2017 was a good year, filled with learning, new experiences, and good times with family and friends.  But with all the good memories and experiences I can recall from the past 12 months, I wonder how much of what I did in 2017 I have completely forgotten.

I did some quick math.  Did you know there are 525,600 minutes in a 365 day year?  (I think there’s a song from the musical Rent that mentions this.)  That’s a lot of minutes!  No wonder we forget so much.
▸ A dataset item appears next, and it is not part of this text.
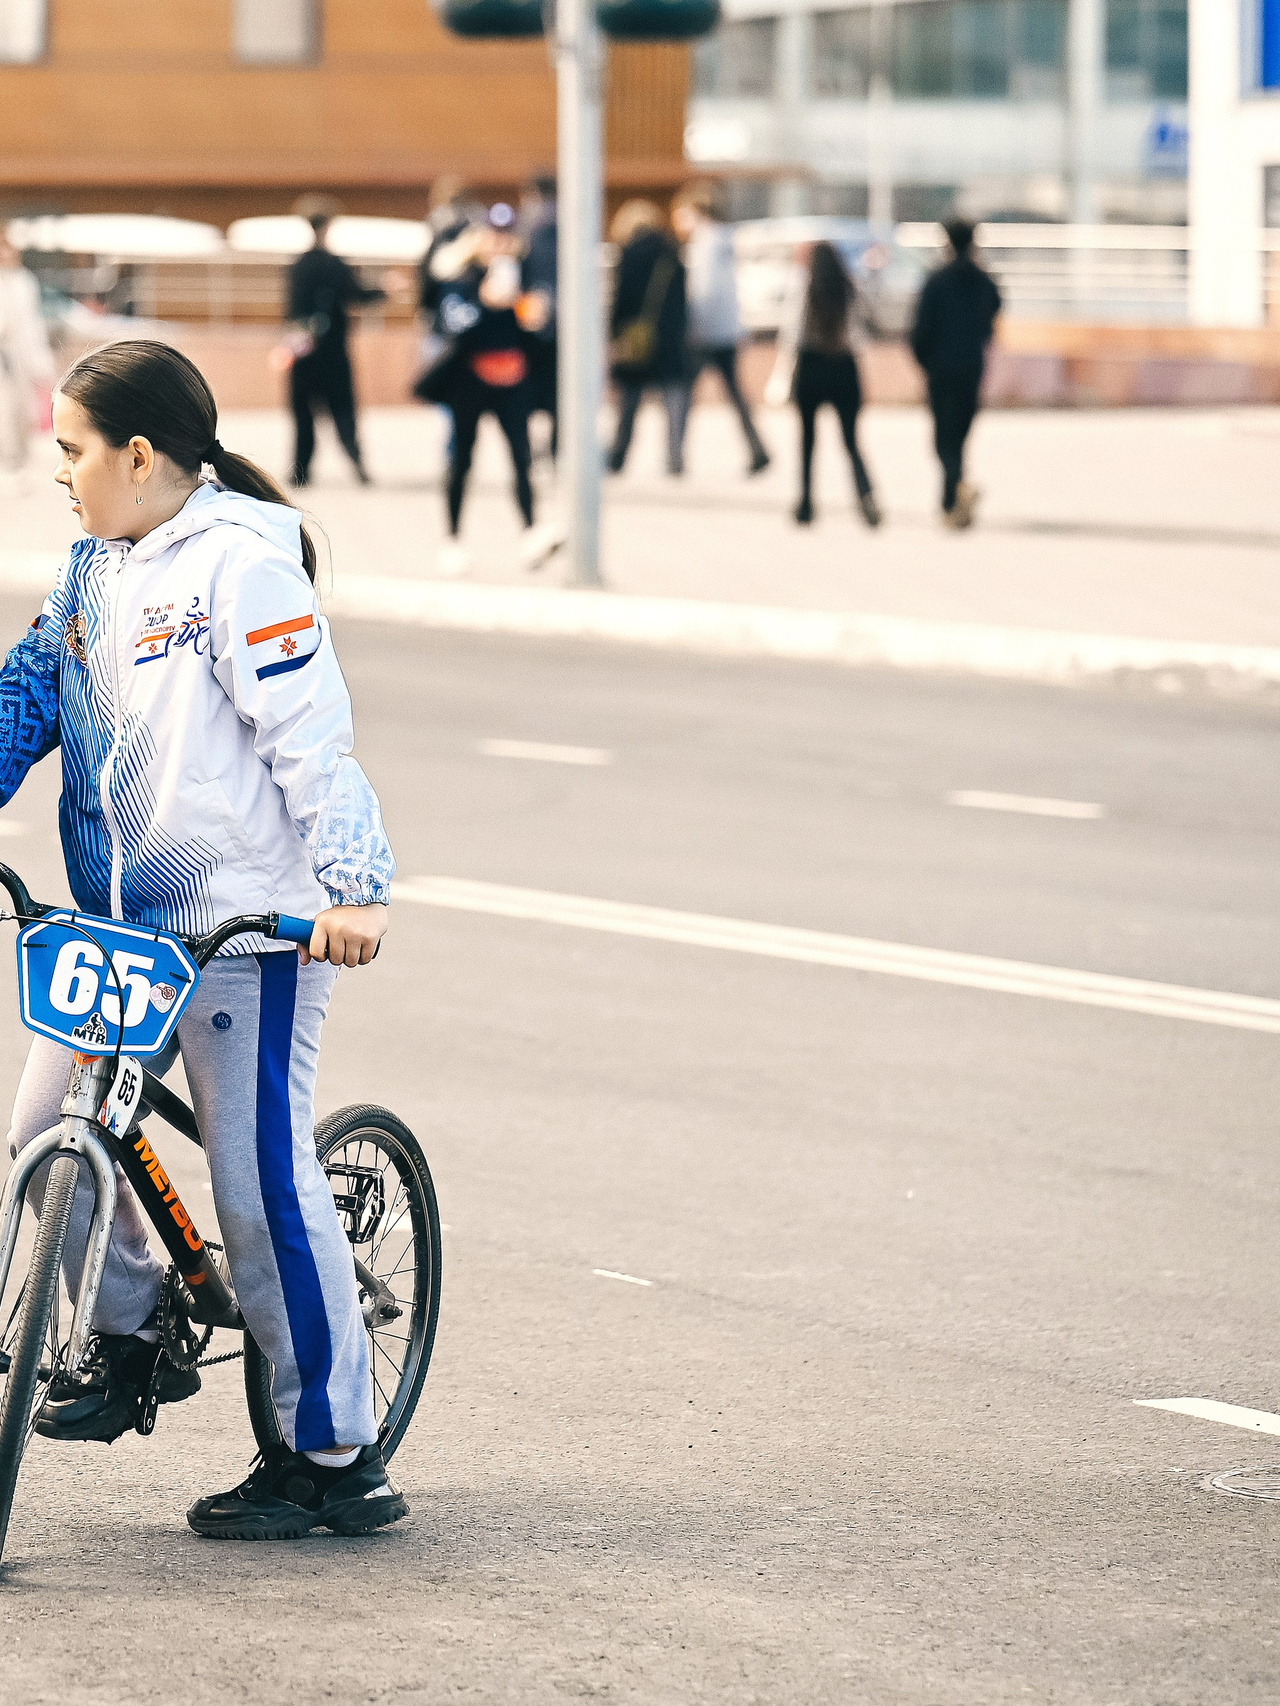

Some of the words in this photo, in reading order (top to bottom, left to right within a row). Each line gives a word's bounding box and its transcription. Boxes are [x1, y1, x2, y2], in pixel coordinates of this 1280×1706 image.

While I’m not interested in remembering every one of those 525,600 minutes, I do want to make sure I preserve more of the significant and meaningful memories I’ll make in 2018 and the years beyond.  Doing so not only bring joy, it also improves the quality of our lives.

In an effort to better preserve future memories, my plan is to regularly do the following:

Journal:  While it has been an activity I have struggled to parlay into a daily habit, I really enjoy the act of journaling.  What I enjoy even more is reading, in my own words, about an experience I have forgotten.  It is a great tool for triggering forgotten memories

Take pictures:  Pictures can instantly take me back to a time, place, or experience and instantly fill my mind with great memories.  Therefore, it is also good to display the most meaningful ones so that you intersect with them often.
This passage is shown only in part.